Modern courts have embraced dictionaries as tools of statutory construction. Accordingly, in interpreting a statute, " ‘[o]rdinarily, a word's usage accords with its dictionary definition.’ " Pellegrino v. Transp. Sec. Admin. , 937 F.3d 164, 170 (3d Cir. 2019) (quoting Yates v. United States , 574 U.S. 528, 537, 135 S.Ct. 1074, 191 L.Ed.2d 64 (2015) ). Under one prominent dictionary definition from around 1970, the year the FCRA was enacted, "dispute" means "to question the truth of," or "to oppose in any way." Webster's New World Dictionary (2d coll. ed. 1972); see also Dispute , Oxford English Dictionary (1st ed. 1971) (defining dispute as "to argue against, contest, controvert" or "call in question or contest the validity or accuracy of a statement"). Further, around the same time "accuracy" was defined as "the quality, state, or degree of being accurate; free from mistake or error," with accurate defined as "prepared with care, careful, exact" or "free from mistake or error." Webster's New World Dictionary (2d. coll. ed. 1971). Later dictionaries define "accuracy" similarly. See, e.g. , Oxford English Dictionary (1st ed. 1984) (defining accuracy as "the state of being accurate" or "precision or exactness resulting from care"); Oxford English Dictionary (2d ed. 1989) (largely same).

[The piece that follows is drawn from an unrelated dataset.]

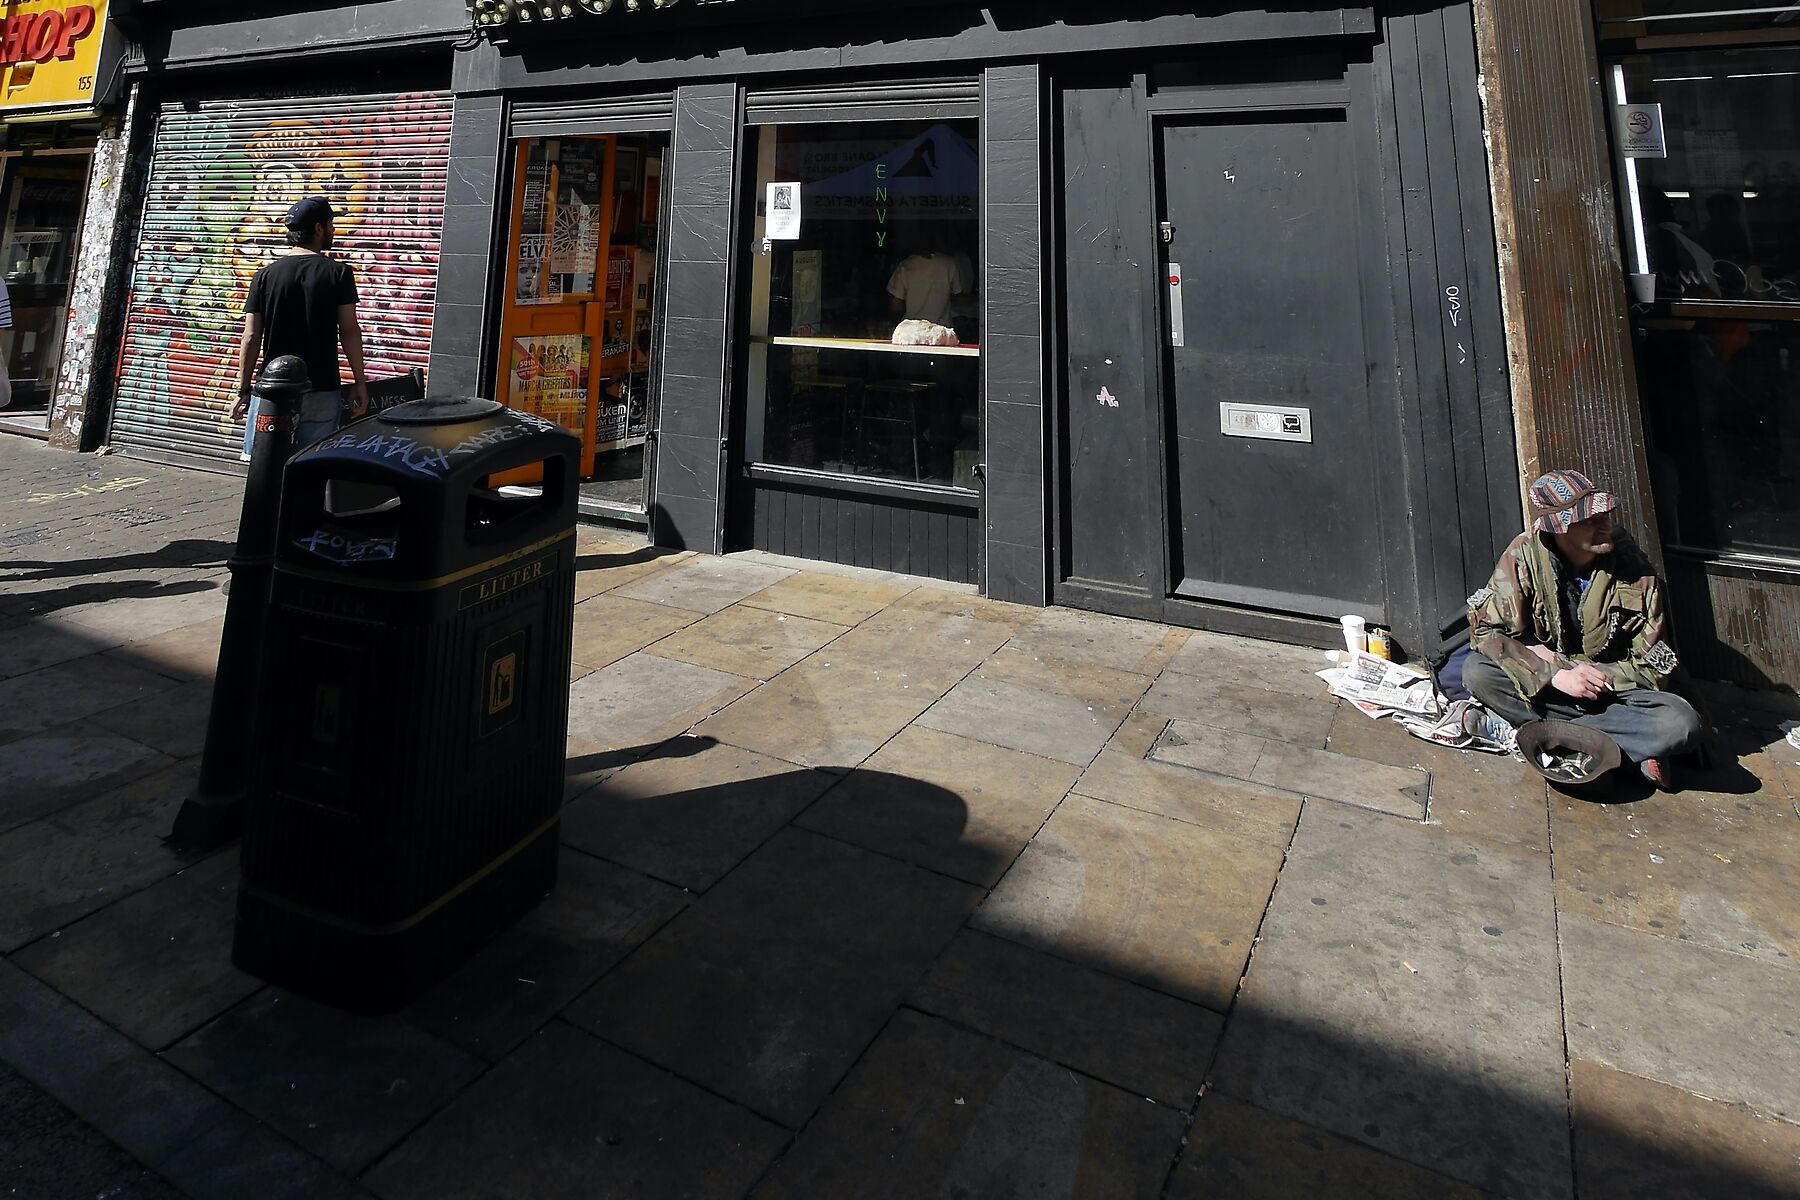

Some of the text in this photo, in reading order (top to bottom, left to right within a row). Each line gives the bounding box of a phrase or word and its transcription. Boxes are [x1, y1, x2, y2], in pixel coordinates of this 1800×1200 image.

[0, 5, 96, 64] HOP
[78, 75, 93, 91] 155
[480, 562, 543, 599] LITTER

Whether or not the increasing reliance on contemporaneous dictionary definitions will produce sounder judicial decisions, I am not entirely sure. As I recently noted, "[a]s modern scholars increasingly conduct empirical research into how Congress actually operates, there is also reason to question whether the drafters of legislation rely on dictionaries to the same degree as the courts." United States v. Safehouse , 408 F. Supp. 3d 583, 607 n.37 (E.D. Pa. 2019) (citing Abbe R. Gluck & Lisa Schultz Bressman, Statutory Interpretation from the Inside—An Empirical Study of Congressional Drafting, Delegation, and the Canons: Part I , 65 Stan. L. Rev. 901, 938-939 (2013) ). Further, exclusive reliance on dictionaries has long been seen as at least incomplete. See id. (noting that Judge Learned Hand claimed that "[i]t is not enough for a judge just to use a dictionary" because, "[i]f he should do no more, he might come out with a result which every sensible man would recognize to be quite the opposite of what was really intended; which would contradict or leave unfulfilled [the statute's] plain purpose"). In any case, "[i]n modern practice appellate courts have made extensive use of dictionaries, making it necessary for district courts to employ the same tool." Id.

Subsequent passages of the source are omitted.